In 1851 the Estate was sold to Joshua Fielden, a descendant of the parliamentarian John Fielden and a member of a family running a cotton spinning and weaving business as Fielden Brothers at Waterside Mill, Todmorden, Lancashire. The Estate was originally bought as an investment, but Joshua's son (also called Joshua) contracted an “unsuitable” marriage and was banished to here as the resident squire in 1875. He hated it so much that he drank himself to death in 1892, but his widow inherited, remarried and her descendants kept possession until 1966.

In 1871, the population of the three Beachamwell parishes was 376 and Shingham had 78. The village had a post office, a shop, a shoemaker, a resident surgeon, the pub and a smithy next door. The pub was a beerhouse (it didn't sell wine or spirits), and the publican was also the blacksmith. The school was extended in 1875. Unusually, school dinners were provided at the pub until 1972 when the village hall took over as a venue.

In 1883, Shingham church's roof was reported as being in thatch over the nave, and slate over the chancel. Only the latter was in use as a mortuary chapel for the graveyard, but the former was derelict. Services had ceased, and the altar was moved to St Mary's.

A reading room was opened in a village cottage in 1891. A Wesleyan Methodist chapel was opened in 1892, on the lane to Shingham.

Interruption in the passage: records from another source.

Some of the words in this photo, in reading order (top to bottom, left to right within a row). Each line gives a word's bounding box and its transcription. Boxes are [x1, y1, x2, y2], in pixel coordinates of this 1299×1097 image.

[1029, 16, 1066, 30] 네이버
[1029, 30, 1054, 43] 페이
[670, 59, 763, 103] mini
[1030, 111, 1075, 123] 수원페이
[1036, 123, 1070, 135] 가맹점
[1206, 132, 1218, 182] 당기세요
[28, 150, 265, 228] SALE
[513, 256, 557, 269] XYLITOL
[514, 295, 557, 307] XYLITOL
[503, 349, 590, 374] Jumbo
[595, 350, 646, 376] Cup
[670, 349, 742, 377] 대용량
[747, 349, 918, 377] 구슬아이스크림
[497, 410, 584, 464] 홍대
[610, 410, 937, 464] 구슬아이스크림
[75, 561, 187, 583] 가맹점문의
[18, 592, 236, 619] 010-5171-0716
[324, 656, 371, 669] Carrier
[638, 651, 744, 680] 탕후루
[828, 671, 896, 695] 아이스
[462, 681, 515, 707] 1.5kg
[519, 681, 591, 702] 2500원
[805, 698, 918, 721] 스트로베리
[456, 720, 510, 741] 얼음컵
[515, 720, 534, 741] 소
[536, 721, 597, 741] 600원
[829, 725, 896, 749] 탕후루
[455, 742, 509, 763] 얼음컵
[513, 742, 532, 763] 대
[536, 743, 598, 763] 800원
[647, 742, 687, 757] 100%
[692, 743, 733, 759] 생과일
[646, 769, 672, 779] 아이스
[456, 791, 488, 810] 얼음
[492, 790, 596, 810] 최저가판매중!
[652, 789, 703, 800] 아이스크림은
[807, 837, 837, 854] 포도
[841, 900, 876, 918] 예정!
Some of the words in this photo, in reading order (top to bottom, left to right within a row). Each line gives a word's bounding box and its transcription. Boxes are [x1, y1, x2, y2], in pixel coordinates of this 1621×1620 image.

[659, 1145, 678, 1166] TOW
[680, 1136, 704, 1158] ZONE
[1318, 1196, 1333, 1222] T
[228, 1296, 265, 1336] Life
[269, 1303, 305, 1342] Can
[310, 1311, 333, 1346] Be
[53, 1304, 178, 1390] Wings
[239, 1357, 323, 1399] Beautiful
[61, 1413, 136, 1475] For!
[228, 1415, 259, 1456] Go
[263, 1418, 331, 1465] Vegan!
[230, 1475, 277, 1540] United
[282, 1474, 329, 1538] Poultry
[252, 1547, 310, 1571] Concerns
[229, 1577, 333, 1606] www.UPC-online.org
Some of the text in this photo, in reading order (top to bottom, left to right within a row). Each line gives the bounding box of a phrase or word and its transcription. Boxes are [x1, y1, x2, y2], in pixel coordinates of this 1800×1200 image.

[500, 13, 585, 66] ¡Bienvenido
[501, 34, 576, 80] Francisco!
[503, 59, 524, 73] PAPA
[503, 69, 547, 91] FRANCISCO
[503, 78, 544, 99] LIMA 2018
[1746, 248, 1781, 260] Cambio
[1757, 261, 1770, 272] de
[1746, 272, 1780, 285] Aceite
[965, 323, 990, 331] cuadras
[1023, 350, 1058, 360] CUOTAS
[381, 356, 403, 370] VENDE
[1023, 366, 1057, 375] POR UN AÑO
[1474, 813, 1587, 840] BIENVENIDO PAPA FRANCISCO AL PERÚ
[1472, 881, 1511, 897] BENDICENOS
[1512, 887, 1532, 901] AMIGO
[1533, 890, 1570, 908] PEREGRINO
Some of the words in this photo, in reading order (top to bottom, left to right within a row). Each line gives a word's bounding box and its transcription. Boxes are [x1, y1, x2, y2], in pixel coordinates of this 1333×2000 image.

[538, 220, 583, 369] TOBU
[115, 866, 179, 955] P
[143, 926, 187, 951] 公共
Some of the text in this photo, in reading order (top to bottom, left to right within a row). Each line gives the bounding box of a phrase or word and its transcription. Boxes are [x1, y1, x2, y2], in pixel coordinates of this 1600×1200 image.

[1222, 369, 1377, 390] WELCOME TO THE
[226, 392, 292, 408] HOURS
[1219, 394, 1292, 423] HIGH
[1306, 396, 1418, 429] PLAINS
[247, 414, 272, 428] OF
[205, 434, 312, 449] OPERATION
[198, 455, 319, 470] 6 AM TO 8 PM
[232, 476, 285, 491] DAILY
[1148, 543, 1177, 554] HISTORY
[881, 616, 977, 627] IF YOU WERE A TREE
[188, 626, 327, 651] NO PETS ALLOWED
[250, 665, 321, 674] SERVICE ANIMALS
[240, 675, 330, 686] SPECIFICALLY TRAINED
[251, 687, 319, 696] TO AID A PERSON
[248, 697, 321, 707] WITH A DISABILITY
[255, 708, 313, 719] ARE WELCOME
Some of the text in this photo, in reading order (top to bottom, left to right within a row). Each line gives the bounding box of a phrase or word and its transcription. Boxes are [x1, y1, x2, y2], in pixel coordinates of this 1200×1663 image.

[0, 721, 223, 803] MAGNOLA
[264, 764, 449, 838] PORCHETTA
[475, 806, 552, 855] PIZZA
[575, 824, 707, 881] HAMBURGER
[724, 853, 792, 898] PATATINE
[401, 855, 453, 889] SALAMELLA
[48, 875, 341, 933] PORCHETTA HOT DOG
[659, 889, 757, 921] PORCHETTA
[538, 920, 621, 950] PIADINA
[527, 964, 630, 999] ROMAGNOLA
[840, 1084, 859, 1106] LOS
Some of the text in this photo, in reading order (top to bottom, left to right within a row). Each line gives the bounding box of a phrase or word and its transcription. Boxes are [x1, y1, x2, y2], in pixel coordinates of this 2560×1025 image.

The Local Government Act 1894 created the civil parish and parish council of Beachamwell by merging the three ancient parishes, to be part of the Swaffham Rural District Council.

===20th century===
In 1902 a fire completely destroyed the Hall, and this was rebuilt in 1906 in the Queen Anne style by the architects Wimperis and Best. No photograph of the old mansion has been traced, so it is not known if the rebuilding resembled the original edifice.

In 1911, the roofless nave of Shingham church was re-roofed in corrugated iron, subsequently replaced with copper sheeting. It was then used for services until 1941.

After the First World War, a demobbed army hut was acquired for use as a village hall and re-erected on the village green.

In 1924 the Forestry Commission bought 800 acre of the former Warren from the Beachamwell Estate, and planted conifers on it. The forestry workers were provided with the new hamlet of Drymere, built along the road to Swaffham.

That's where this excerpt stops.